2.1.2. Bibliometric Indicators and Tools Used

In this study, conventional bibliometric indicators, such as (i) trend of the number of publications, (ii) total citations per year, and (iii) total citations per article, were computed initially using Biblioshiny R-toolbox [33]. Then, the leading authors, most cited articles, most dominant journals, leading countries, and most productive affiliations of DNAPL transport in the subsurface were determined. Further, the correlations of the leading organizations and leading countries with the spatial distribution of DNAPL-contaminated sites were analyzed. A three-field plot (i.e., Sankey diagrams), co-occurrence network visualization of the author’s keywords and cited references, and thematic maps were obtained via Biblioshiny R-toolbox and VOSviewer [34].

3. Findings of Bibliometric Analysis

The preliminary information on the publications retrieved from Scopus on DNAPL transport in the subsurface is shown in

Table 2. Main description of DNAPL transport reviews from the Scopus^® database.

Description		Results
Timespan		1990:2022
Sources (Journals, Books, etc.)		107
Number of Research Documents		412
Average Years from Publication		13.60
Average Citations per Research Document		31.59
Average Citations per Year per Research Document		2.28
References		15,507
Document Types	Research Article	397
	Book Chapter	6
	Review	9
Document Contents	Keywords Plus (ID)	3625
	Author’s Keywords (DE)	882
Authors	No. of Authors	1060
	No. of Appearances of Authors	1531
	No. of Authors Who Published as Single-Authors	23
	No. of Authors Who Published Multi-Authored Documents	1037
Authors Collaboration	No. of Single-Authored Documents	25
	Documents per Author	0.389
	Authors per Document	2.57
	Co-Authors per Document	3.72
	Collaboration Index	2.68

. A total of 107 sources from the Scopus^® database were observed, which published 412 research documents from 1990 to 2022. Detailed information on several publication statistics is provided in Table 2. The year-wise variation in the publication statistics is shown in Figure 2. The number of publications increased significantly between 1997 and 1998, then increased steadily from 1998 to 2007, followed by a sharp decline in the number of articles (NoA) from 24 in 2007 to 7 in 2008 (Figure 2). A total of 21 and 24 articles on DNAPL transport were published in 2006 and 2007, while 14 articles were published in 2021. In addition, a fluctuating trend was observed in the mean total citations per article and mean total citations per year. Therefore, understanding the trends in the citations of published articles is important due to the varying trend in the number of publications with time. The highest value of the mean total number of citations (TCi) per article of 75.6 was observed in 1997; however, the mean TCi per article suddenly dropped to 22.87 in 1998. A fluctuating trend in the mean TCi per article was observed up to 2015, and then a decreasing trend in the mean TCi per article was observed from 2016 to 2022. The highest value of 7.69 for the mean TCi per year was observed in 2013, which dropped to 1.29 in the year 2014. From 2016 to 2022, an increasing trend in the mean TCi per year was observed. A nonuniform variation in the mean TCi per year has been observed over the past thirty years.
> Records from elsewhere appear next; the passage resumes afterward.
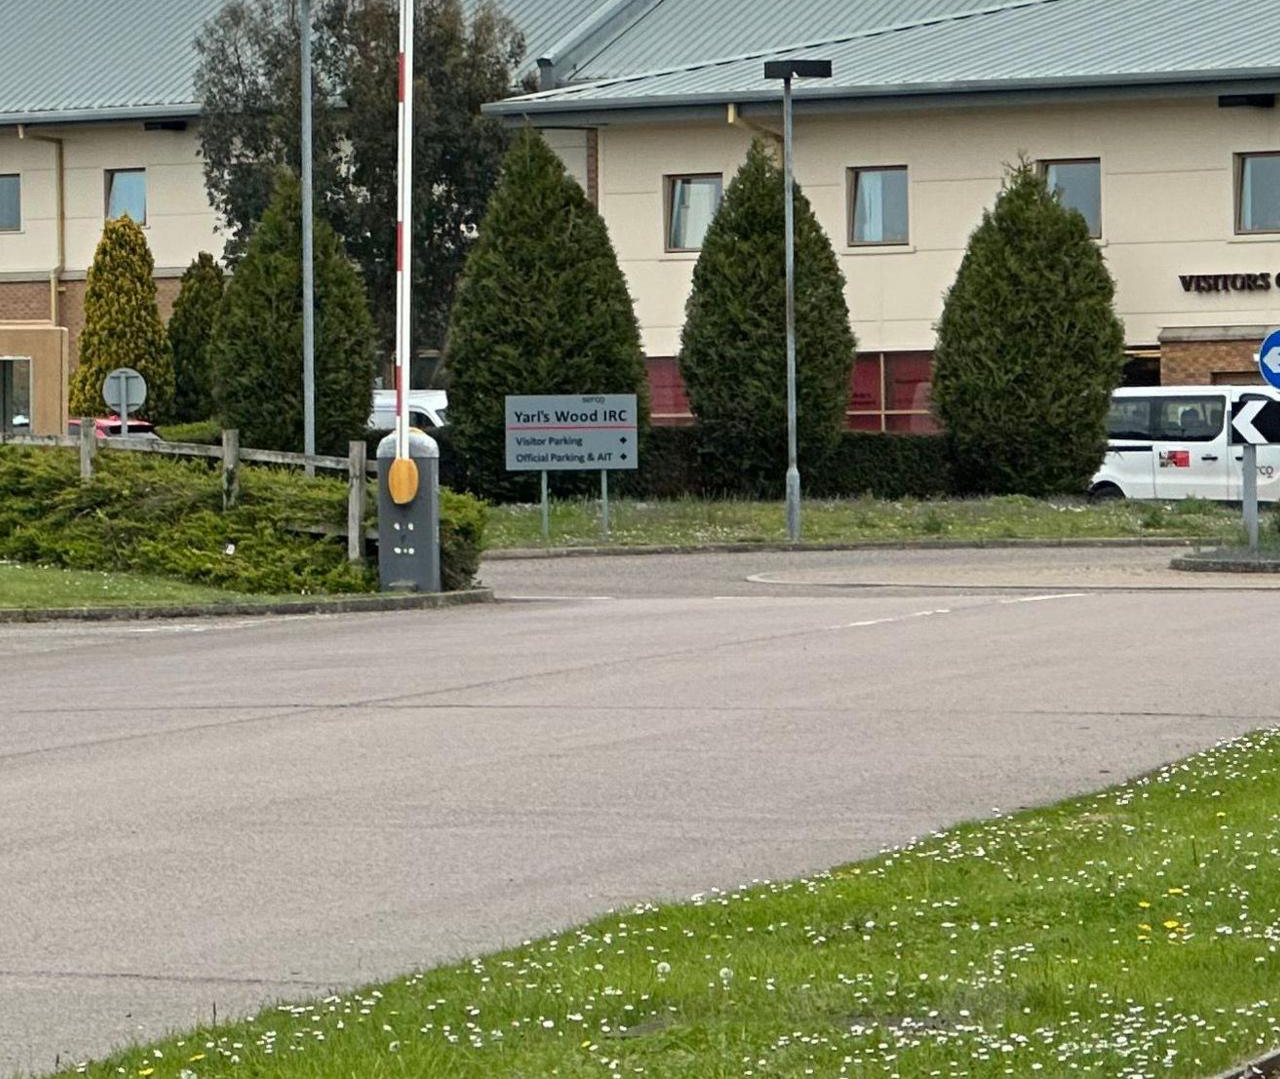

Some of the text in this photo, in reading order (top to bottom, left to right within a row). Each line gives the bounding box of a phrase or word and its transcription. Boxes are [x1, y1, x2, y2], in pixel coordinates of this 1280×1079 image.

[1178, 273, 1271, 293] VISITORS
[514, 410, 627, 423] Yarl's Wood IRC
[515, 436, 583, 447] Visitor Parking
[516, 452, 613, 464] Official Parking & AIT
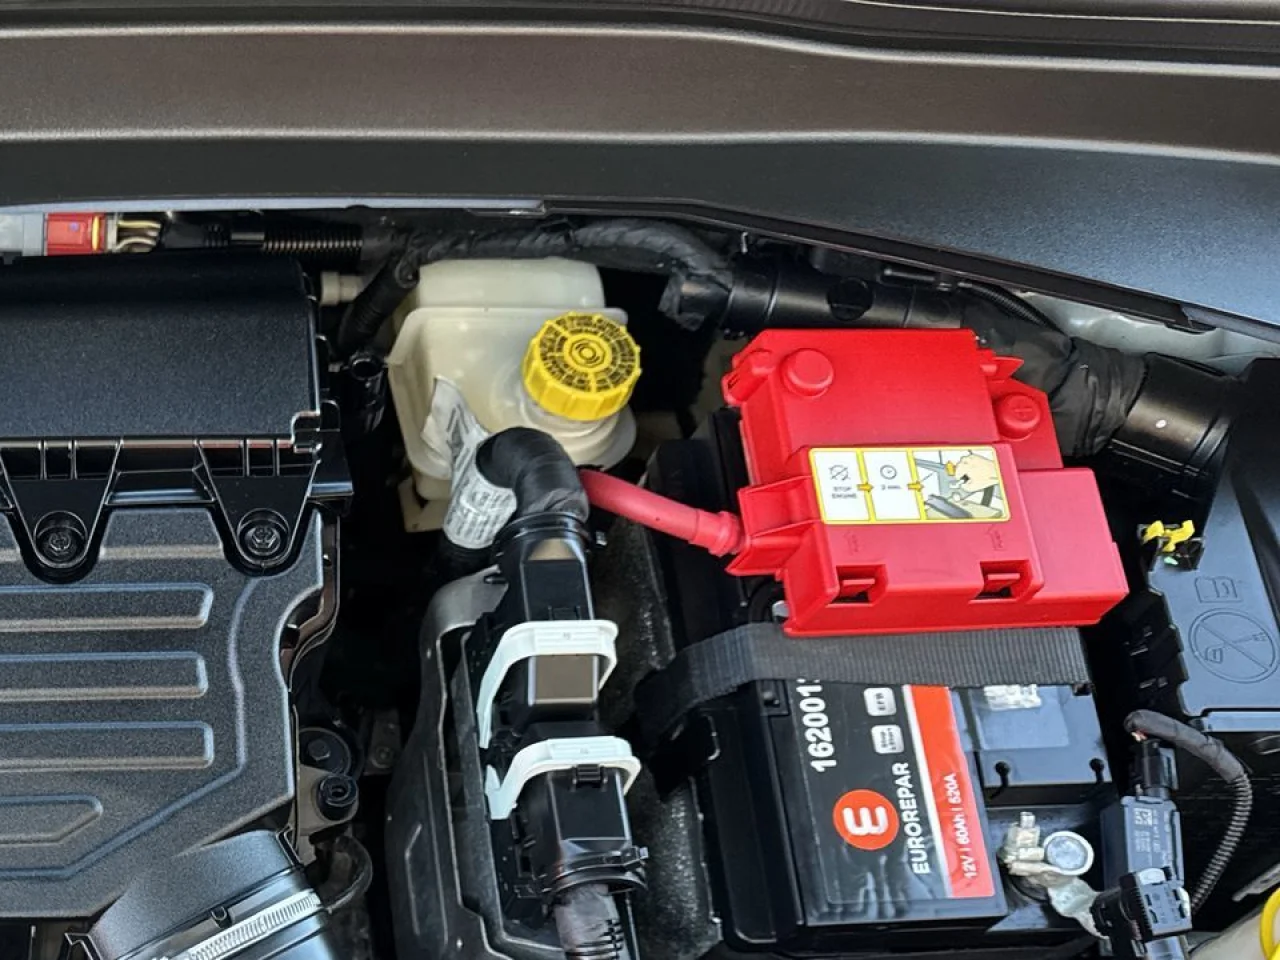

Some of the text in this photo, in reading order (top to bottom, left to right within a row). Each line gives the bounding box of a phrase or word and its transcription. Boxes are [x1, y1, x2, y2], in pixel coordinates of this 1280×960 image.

[796, 678, 837, 773] 162001
[841, 806, 889, 836] E
[891, 761, 932, 874] EUROREPAR
[952, 813, 970, 845] 60Ah
[960, 855, 978, 879] 12V
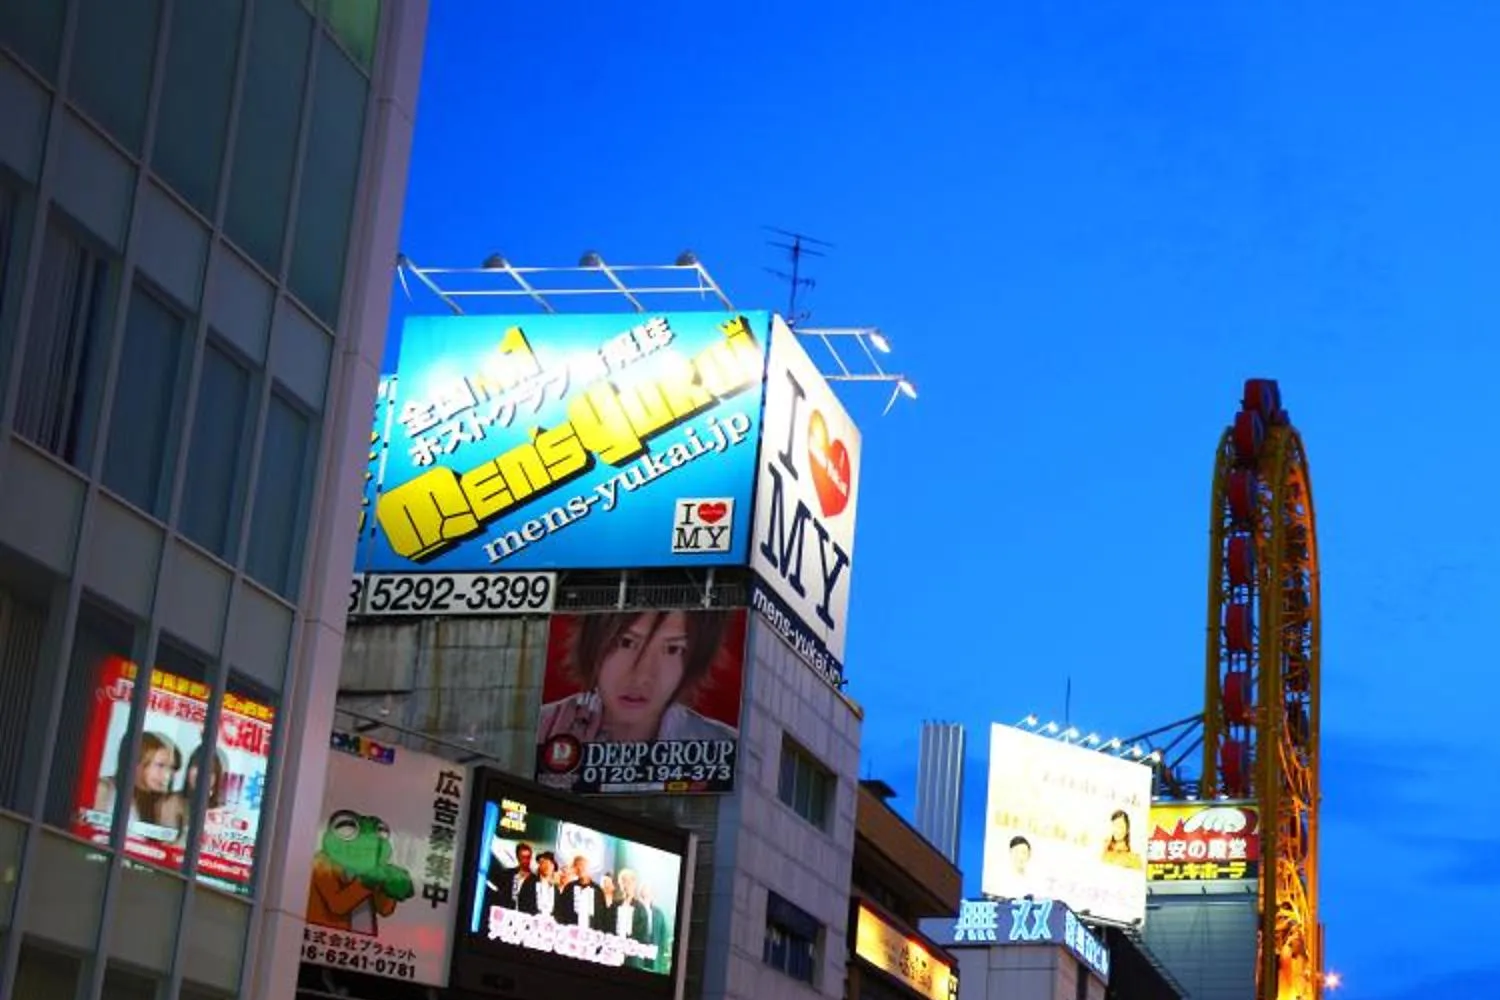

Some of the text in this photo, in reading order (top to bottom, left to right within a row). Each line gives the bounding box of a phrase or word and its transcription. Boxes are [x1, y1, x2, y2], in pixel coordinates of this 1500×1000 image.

The variation in the number of publications and cumulative publications with time for the DNAPL transport in the subsurface system research field is shown in Figure 3. It is observed that an average of 5 articles were published from 1990 to 1997, which further increased to approximately 15 articles from 1998 to 2007 and dropped to 7 articles in 2008. In addition, it is observed that at least 14 articles related to DNAPL transport were published for most of the years from 2009 to 2021. A mild slope for the cumulative publications with time was observed from 1990 to 1997; however, an increasing slope was observed after 1998, showing the increased attention of researchers and funding organizations in DNAPL transport in the subsurface research field post-1997. Overall, the trends of the mean TCi per year and cumulative publications with time show the importance of the DNAPL transport research field and highlight the need to conduct such studies in the near future.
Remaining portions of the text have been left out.